Detail

Keywords

Environmental Health; Environmental Pollutants; Genetics, Medical; Placenta

Research group(s)

• Environmental Health and Medical Ecology
  Head: Claudia Gundacker
  Research Area: Reproduction Toxicology and Environmental Health with specific emphasis on the metabolism and transport of metals (mercury, iron, lead, and cadmium) and perfluoroalkyl substances across the human placenta.
  Members:
  Claudia Gundacker

Research interests

My research interest is in Reproduction Toxicology and Environmental Health with emphasis on metabolism and transport of metals (mercury, iron, lead, and cadmium) and per- and polyfluoralkyl substances (PFAS) across the human placenta. In search of proteins that mediate placental kinetics, i.e., uptake, distribution, biotransformation, and efflux of the substances, we combine Human Biomonitoring and genotyping with basic research on placental in vitro models. The aim is to identify genetic variants related to placental dysfunctions and pregnancy diseases.

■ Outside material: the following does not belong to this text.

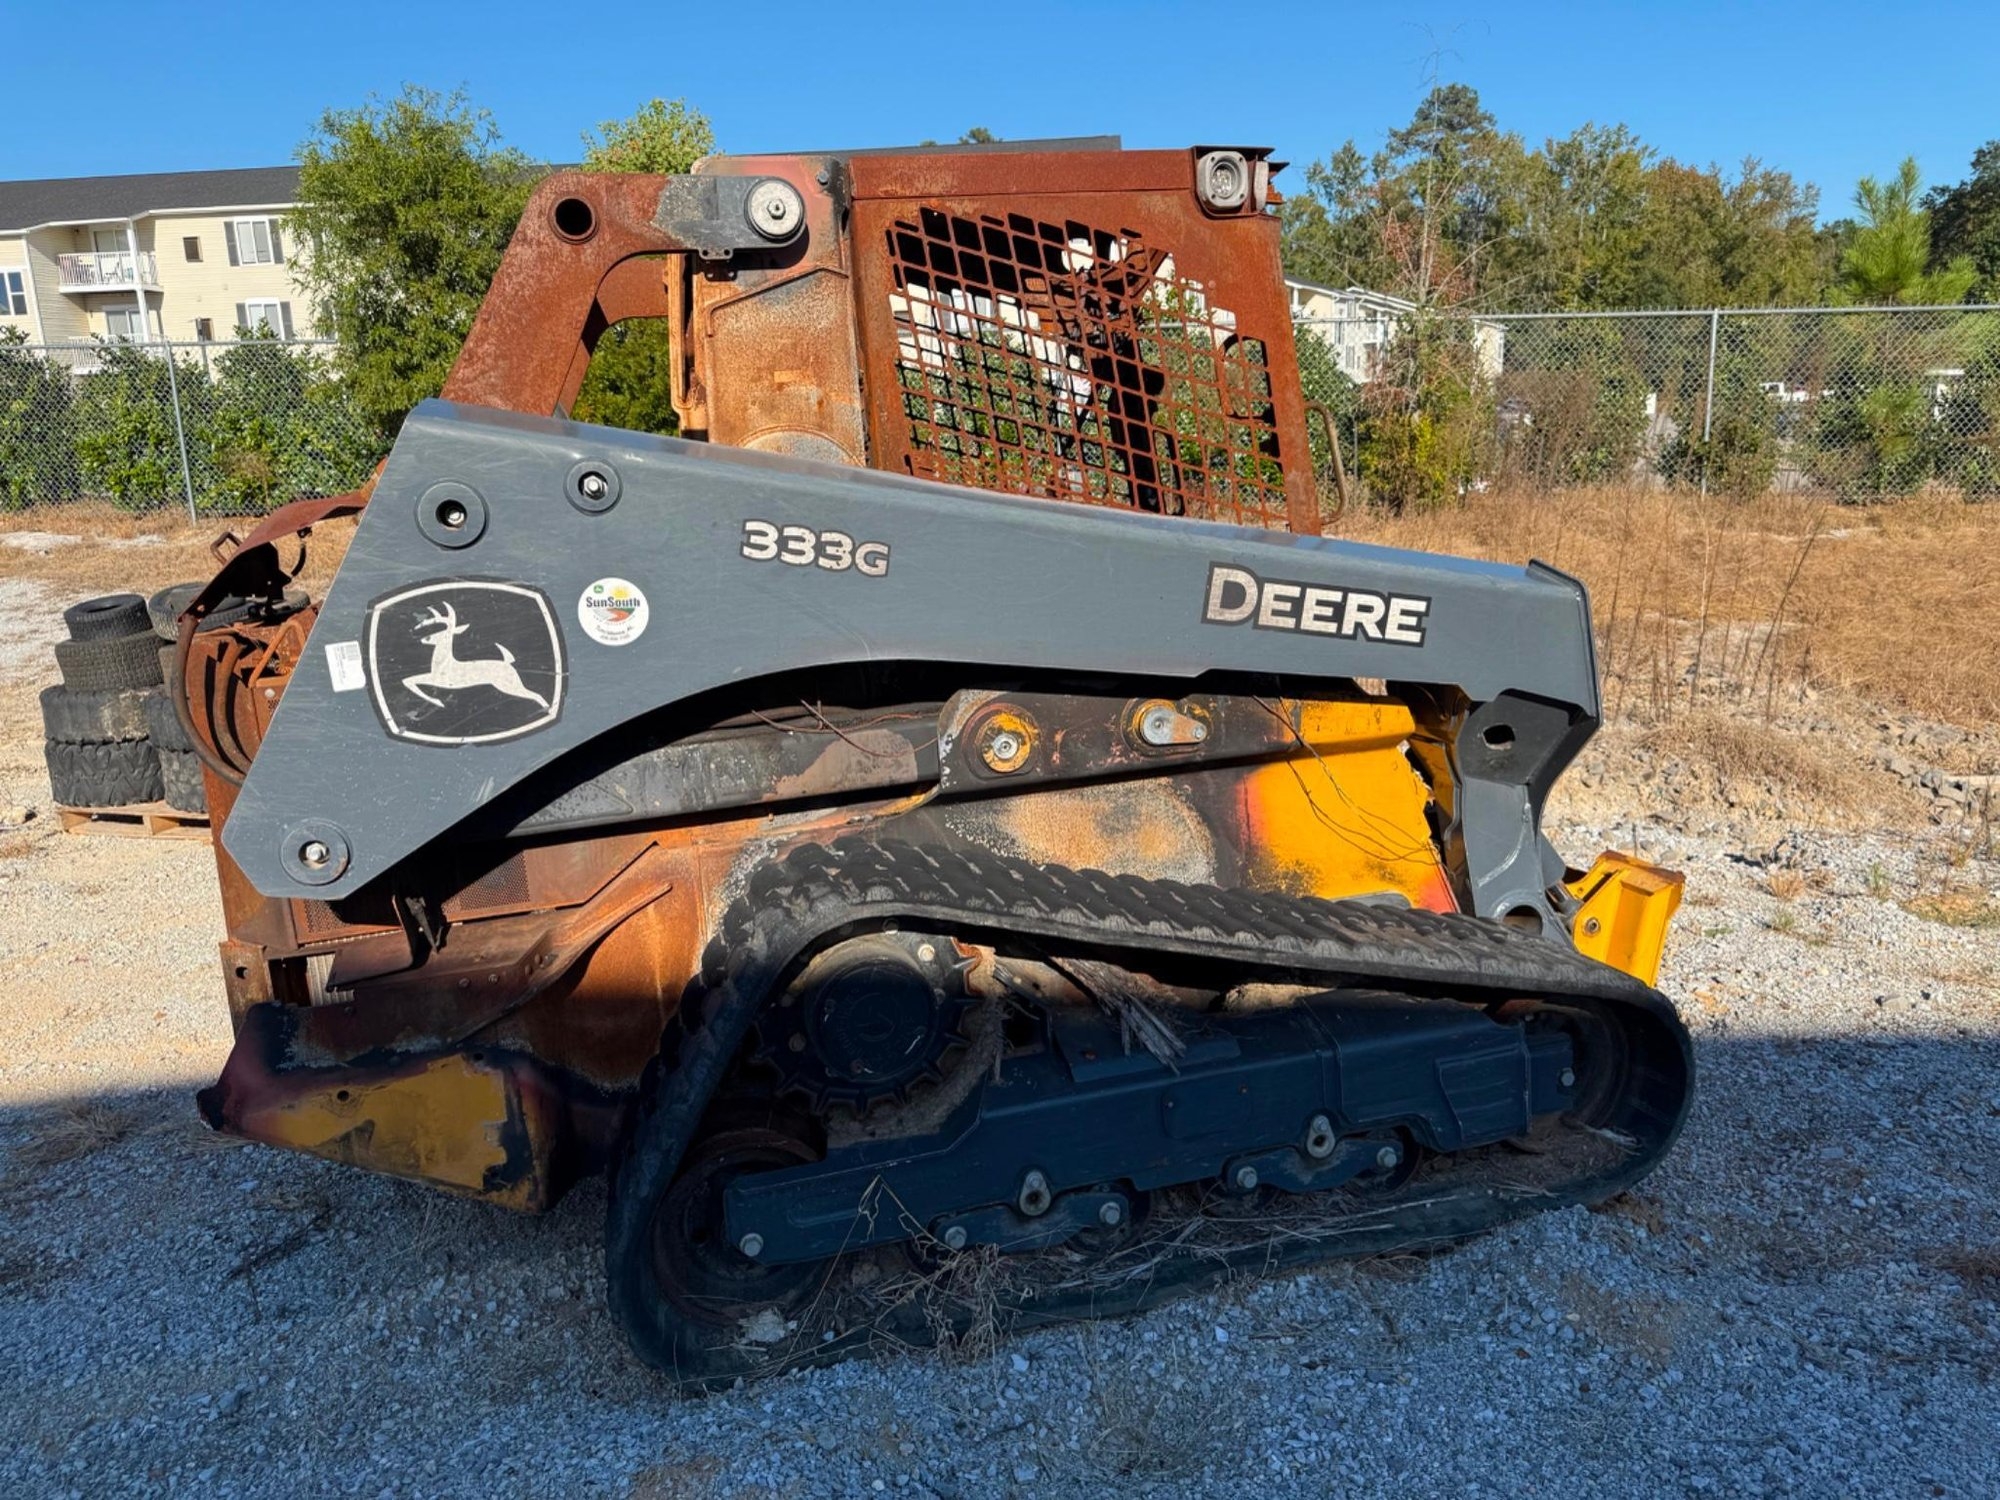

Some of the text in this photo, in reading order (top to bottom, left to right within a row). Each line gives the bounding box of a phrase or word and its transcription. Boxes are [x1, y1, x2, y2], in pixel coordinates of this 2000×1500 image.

[741, 519, 890, 577] 333G
[586, 596, 640, 608] SunSouth
[1204, 564, 1430, 645] DEERE
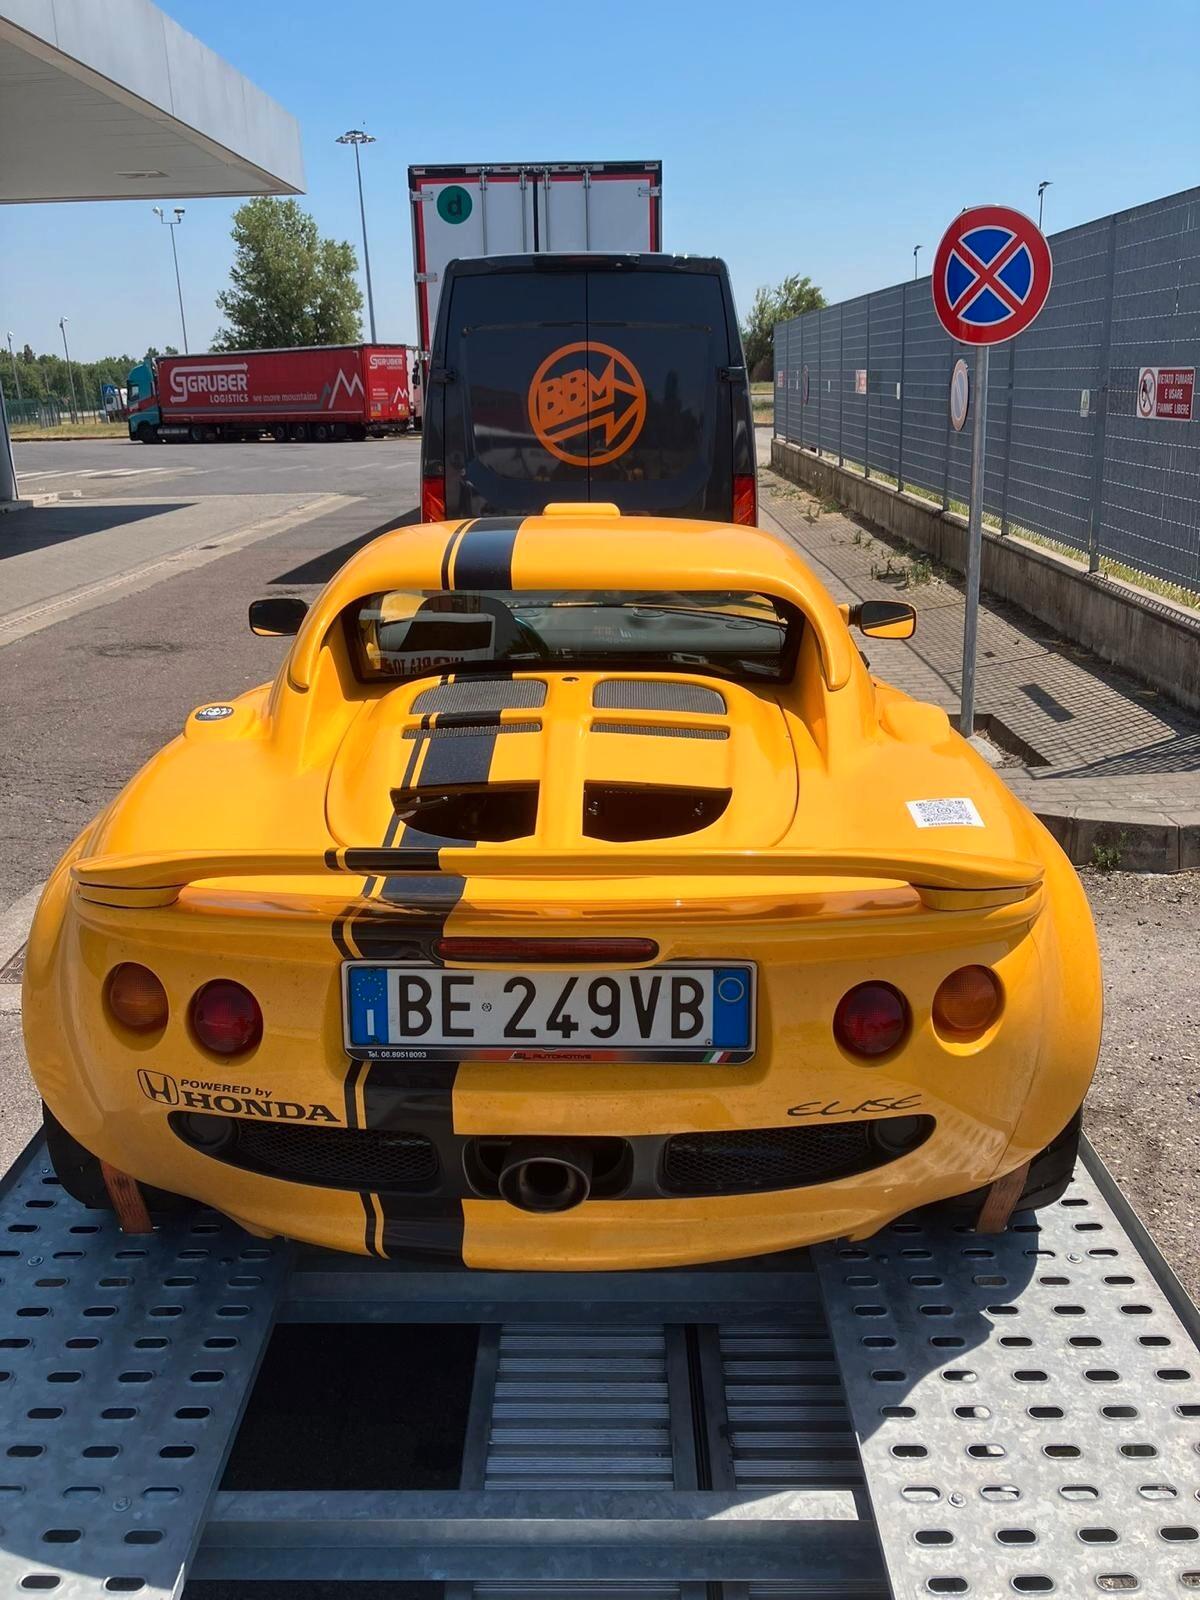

Techniques, methods & infrastructure

Human Biomonitoring, Genotyping, Molecular biology, Cell culture, Placental primary cells, Trace element analysis (AFS, AAS)

Grants

• FATERISK PFAS in the urban water cycle (2020)
  Source of Funding: WWTF (Vienna Science and Technology Fund), Urban Regions Call 2020
  Principal Investigator
• Iron metabolism of the human placenta – the key to understand iron transfer from the mother to the fetus (2018)
  Source of Funding: NÖ Forschungs- und Bildungsges.m.b.H. (NFB), Life Science Call 2017
  Principal Investigator
• HBM4EU - Science and policy for a healthy future (2017)
  Source of Funding: EU, Horizon 2020
  Principal Investigator

Selected publications

1. Forsthuber, M. et al. (2022) ‘Perfluorooctane sulfonic acid (PFOS) inhibits vessel formation in a human 3D co-culture angiogenesis model (NCFs/HUVECs)’, Environmental Pollution, 293, p. 118543. Available at: http://dx.doi.org/10.1016/j.envpol.2021.118543.
2. Gundacker, C. et al., 2021. Gene Variants Determine Placental Transfer of Perfluoroalkyl Substances (PFAS), Mercury (Hg) and Lead (Pb), and Birth Outcome: Findings From the UmMuKi Bratislava-Vienna Study. Frontiers in Genetics, 12. Available at: http://dx.doi.org/10.3389/fgene.2021.664946.
3. Gundacker, C. & Ellinger, I., 2020. The unique applicability of the human placenta to the Adverse Outcome Pathway (AOP) concept: the placenta provides fundamental insights into human organ functions at multiple levels of biological organization. Reproductive Toxicology, 96, pp.273–281. Available at: http://dx.doi.org/10.1016/j.reprotox.2020.07.014.
4. Granitzer, S. et al., 2020. In vitro function and in situ localization of Multidrug Resistance-associated Protein (MRP)1 (ABCC1) suggest a protective role against methyl mercury-induced oxidative stress in the human placenta. Archives of Toxicology, 94(11), pp.3799–3817. Available at: http://dx.doi.org/10.1007/s00204-020-02900-5.
5. Widhalm, R. et al., 2020. Human placental cell line HTR-8/SVneo accumulates cadmium by divalent metal transporters DMT1 and ZIP14. Metallomics, 12(11), pp.1822–1833. Available at: http://dx.doi.org/10.1039/d0mt00199f.